EXERCISE DETAILS:
Repeat each line, word for word, from the one containing "this 2200×1467 image." through the last line of the entries, and include no other output.

SUPPLIED MATERIAL:
● ● ● ● ● ● ●

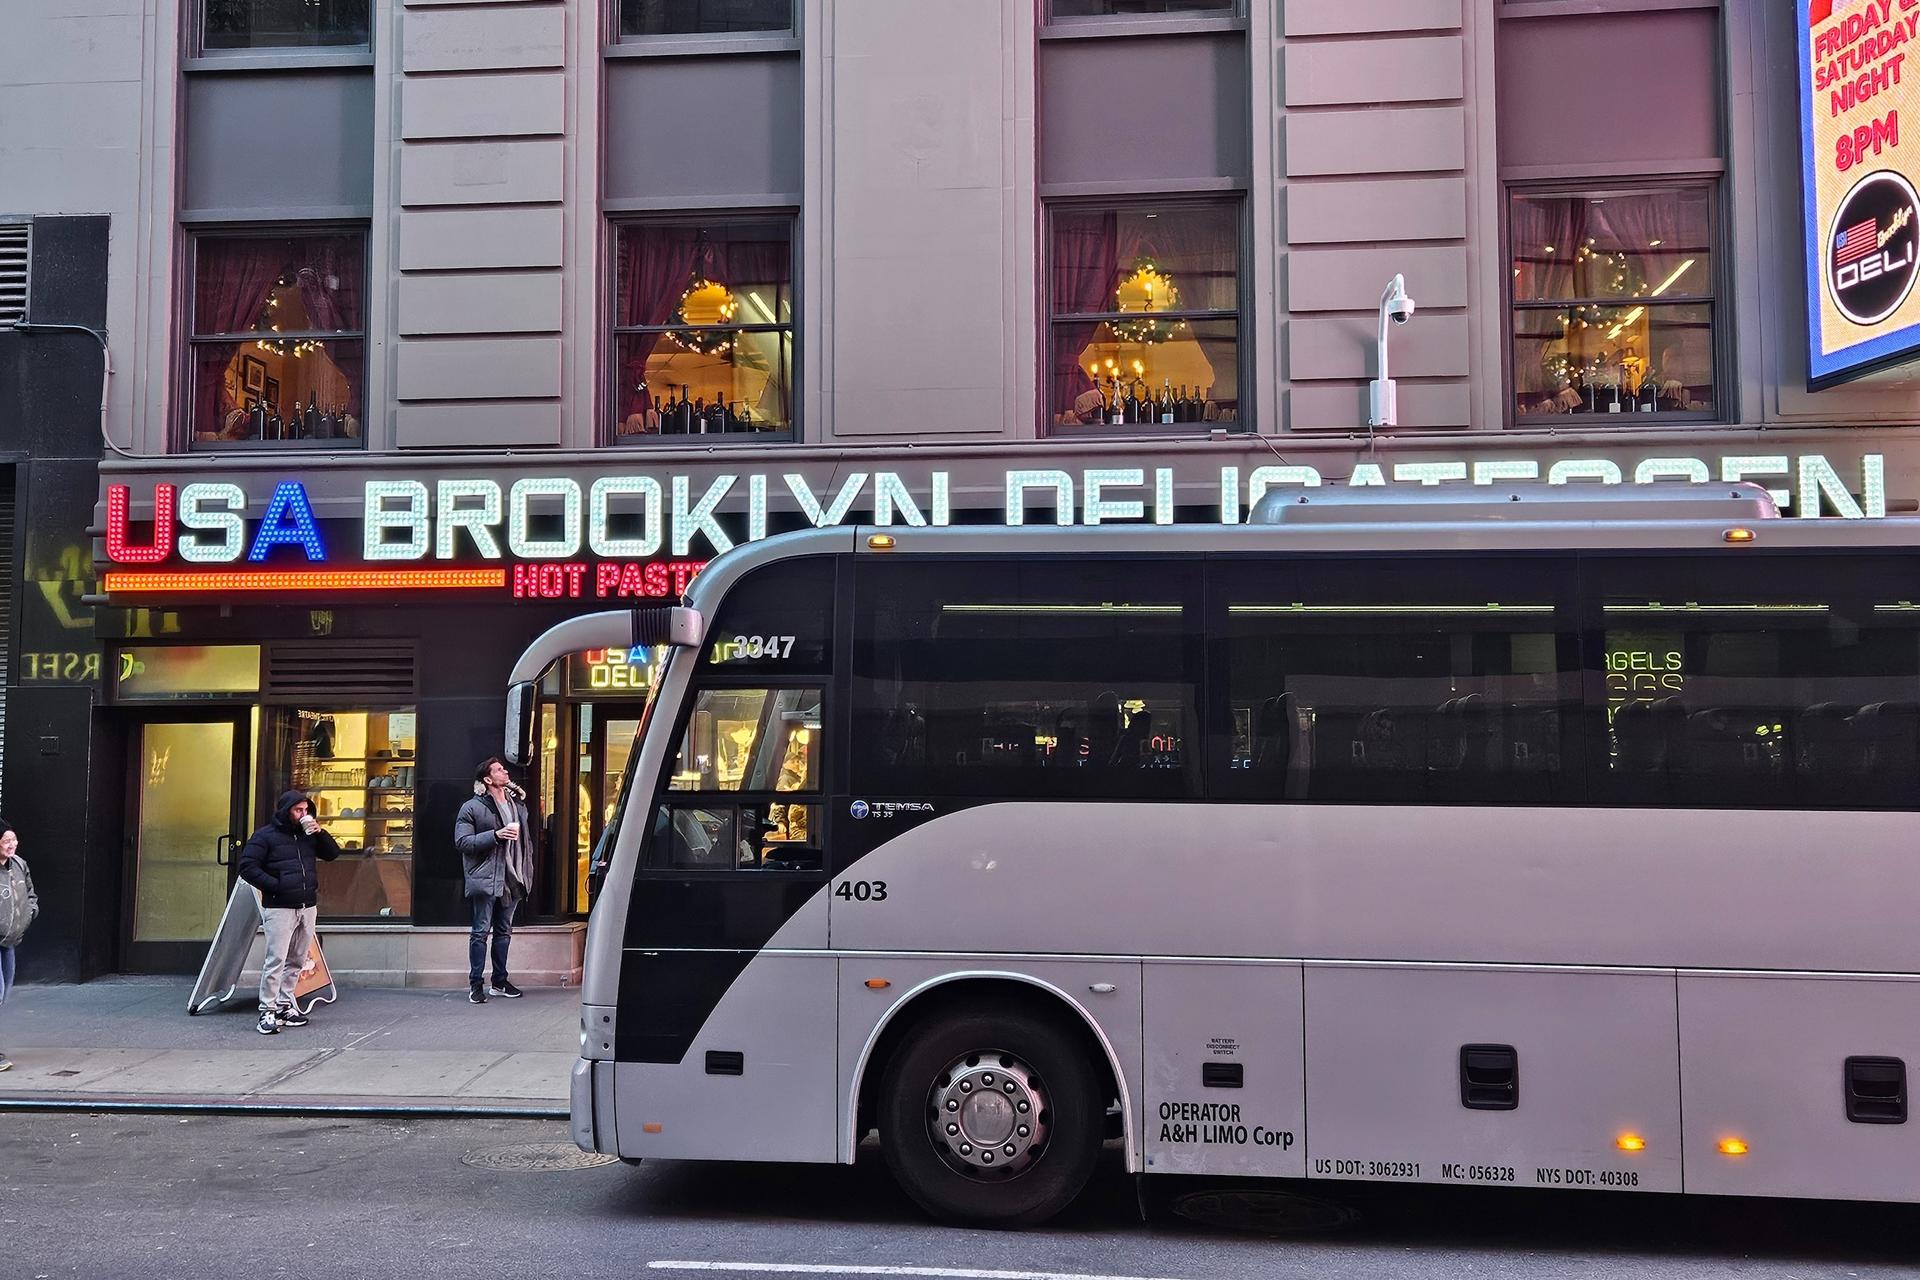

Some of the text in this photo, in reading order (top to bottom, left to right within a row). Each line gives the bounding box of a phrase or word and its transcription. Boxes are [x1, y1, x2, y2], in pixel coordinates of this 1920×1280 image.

[1815, 0, 1891, 63] FRIDAY
[1815, 10, 1920, 91] SATURDAY
[1830, 53, 1905, 117] NIGHT
[1835, 110, 1899, 172] 8PM
[1837, 240, 1913, 290] DELI
[105, 481, 328, 563] USA
[513, 562, 707, 598] HOT PAST
[733, 635, 796, 659] 3347
[590, 664, 660, 688] DELI
[872, 802, 935, 812] TEMSA
[835, 881, 888, 901] 403
[1159, 1102, 1241, 1123] OPERATOR
[1159, 1123, 1294, 1151] A&H LIMO Corp
[1315, 1159, 1639, 1186] US DOT: 3062931 MC: 056328 NYS DOT: 40308
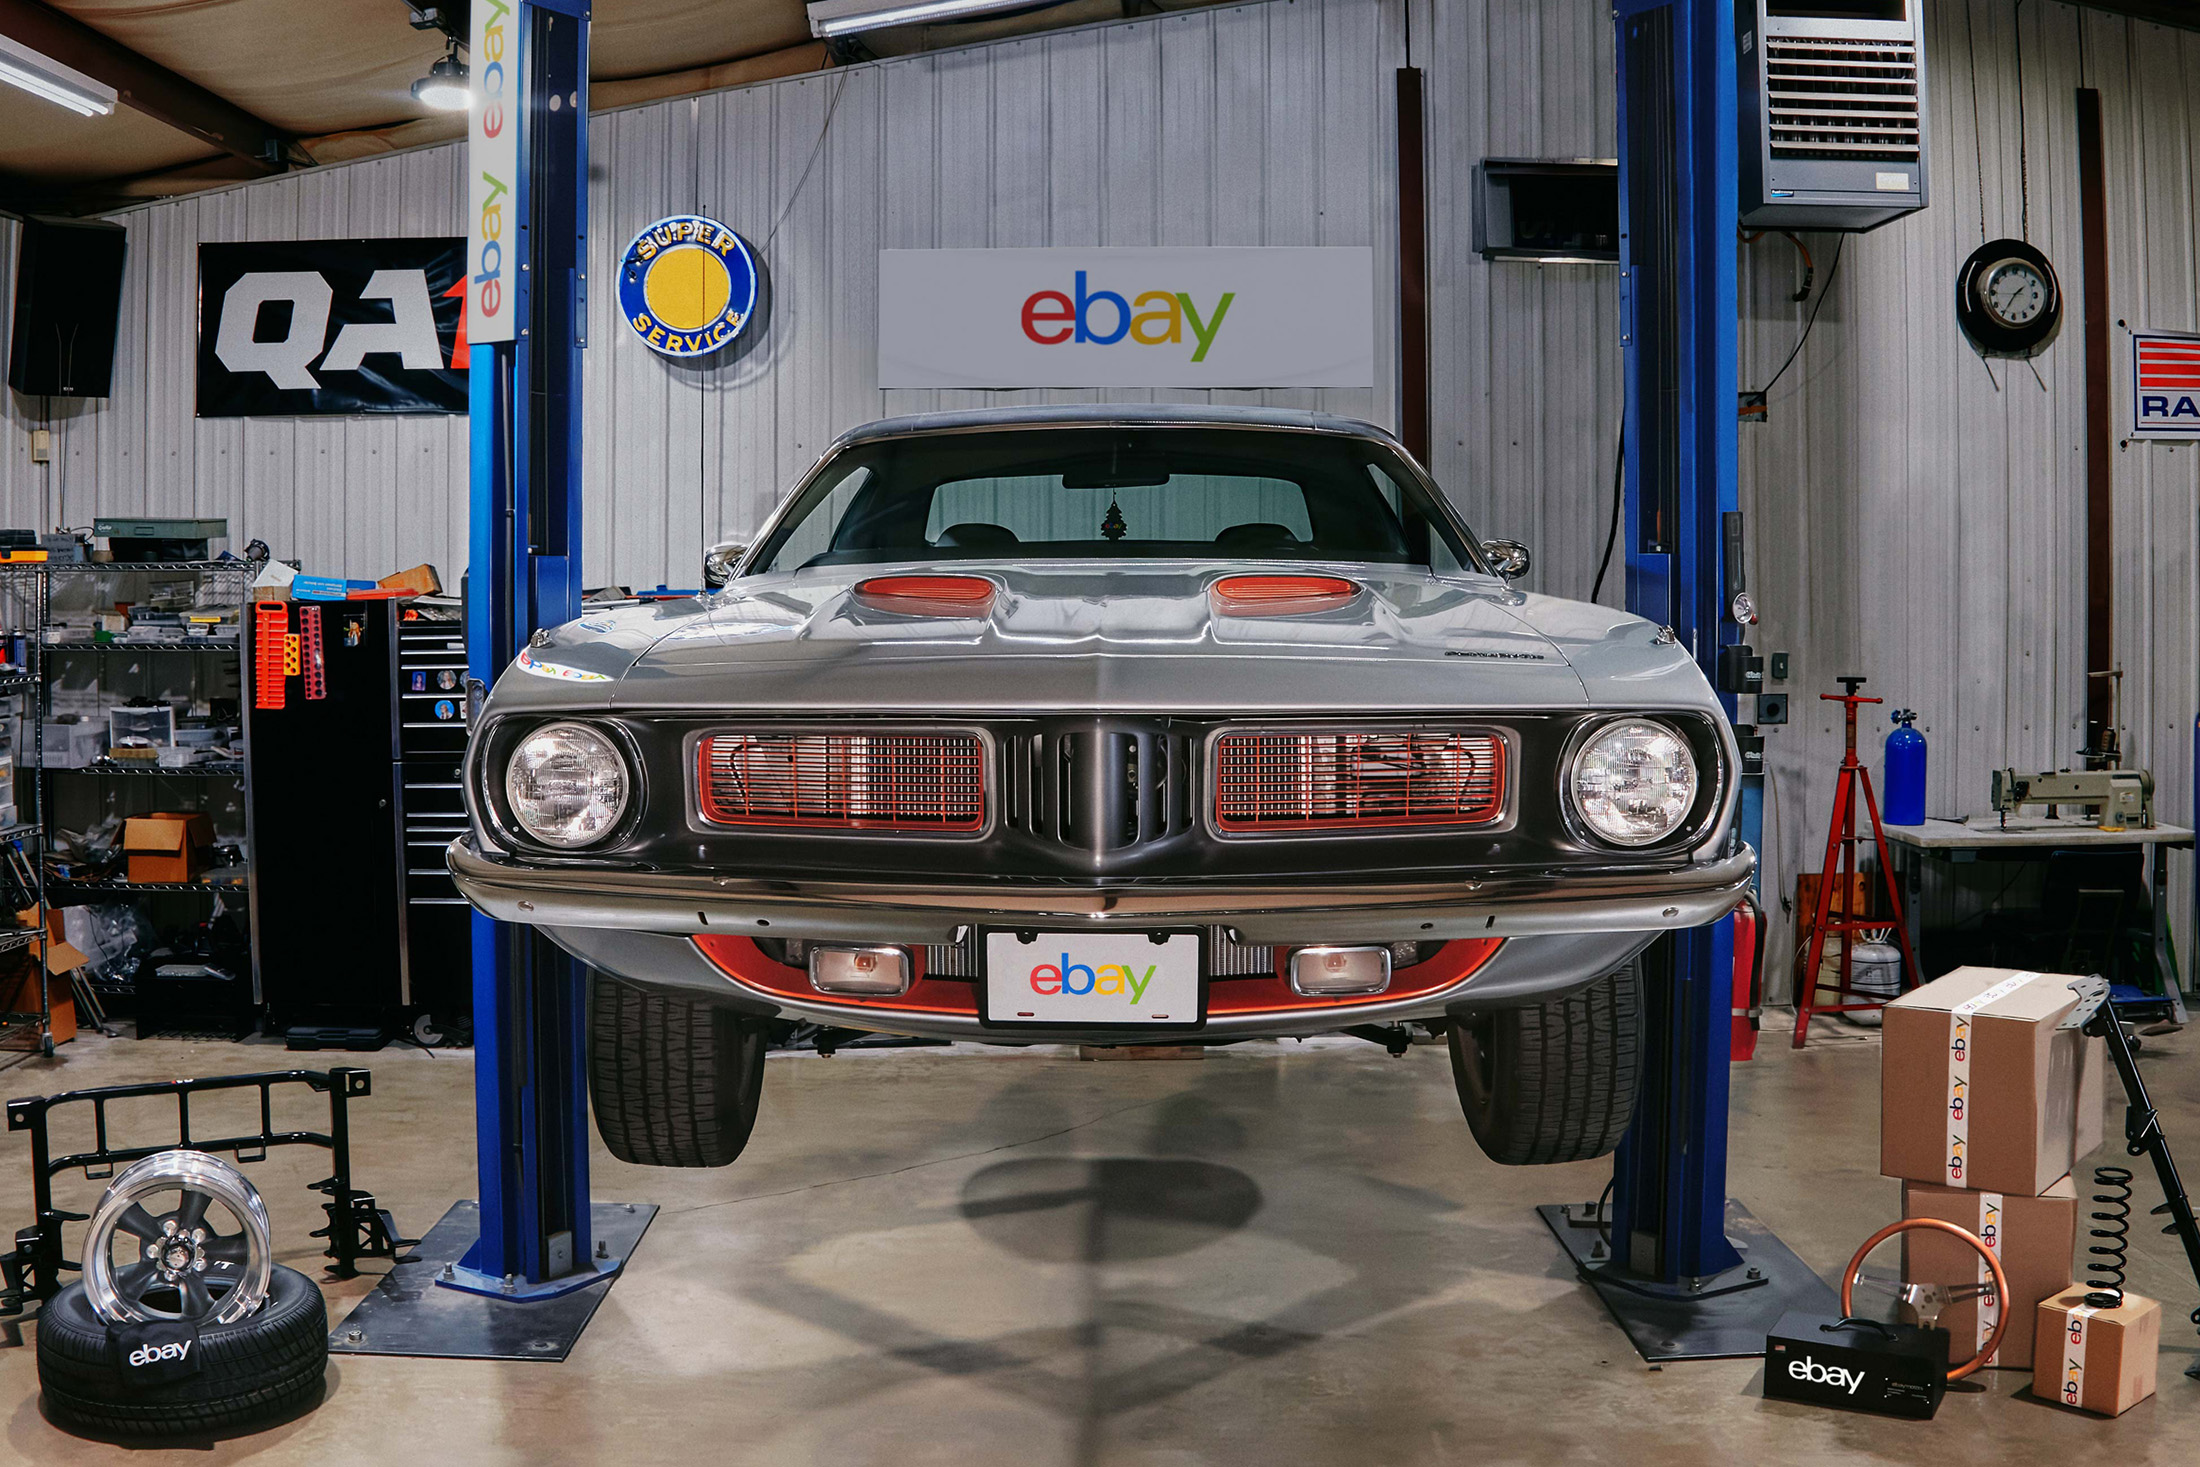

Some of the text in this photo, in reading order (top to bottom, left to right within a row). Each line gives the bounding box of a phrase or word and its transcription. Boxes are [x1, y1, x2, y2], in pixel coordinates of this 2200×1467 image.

[472, 171, 508, 318] ebay
[636, 221, 735, 260] SUPER
[632, 309, 745, 352] SERVICE
[1021, 270, 1236, 362] ebay
[1029, 952, 1157, 1005] ebay
[1948, 1016, 1970, 1179] ebay ebay ebay
[1981, 1202, 2000, 1248] ebay
[128, 1339, 192, 1367] ebay
[1788, 1355, 1866, 1395] ebay
[2063, 1358, 2082, 1405] ebay

● ● ● ● ● ● ●

EXPECTED ANSWER:
Some of the text in this photo, in reading order (top to bottom, left to right within a row). Each line gives the bounding box of a phrase or word and its transcription. Boxes are [x1, y1, x2, y2], in pixel coordinates of this 2200×1467 image.

[472, 171, 508, 318] ebay
[636, 221, 735, 260] SUPER
[632, 309, 745, 352] SERVICE
[1021, 270, 1236, 362] ebay
[1029, 952, 1157, 1005] ebay
[1948, 1016, 1970, 1179] ebay ebay ebay
[1981, 1202, 2000, 1248] ebay
[128, 1339, 192, 1367] ebay
[1788, 1355, 1866, 1395] ebay
[2063, 1358, 2082, 1405] ebay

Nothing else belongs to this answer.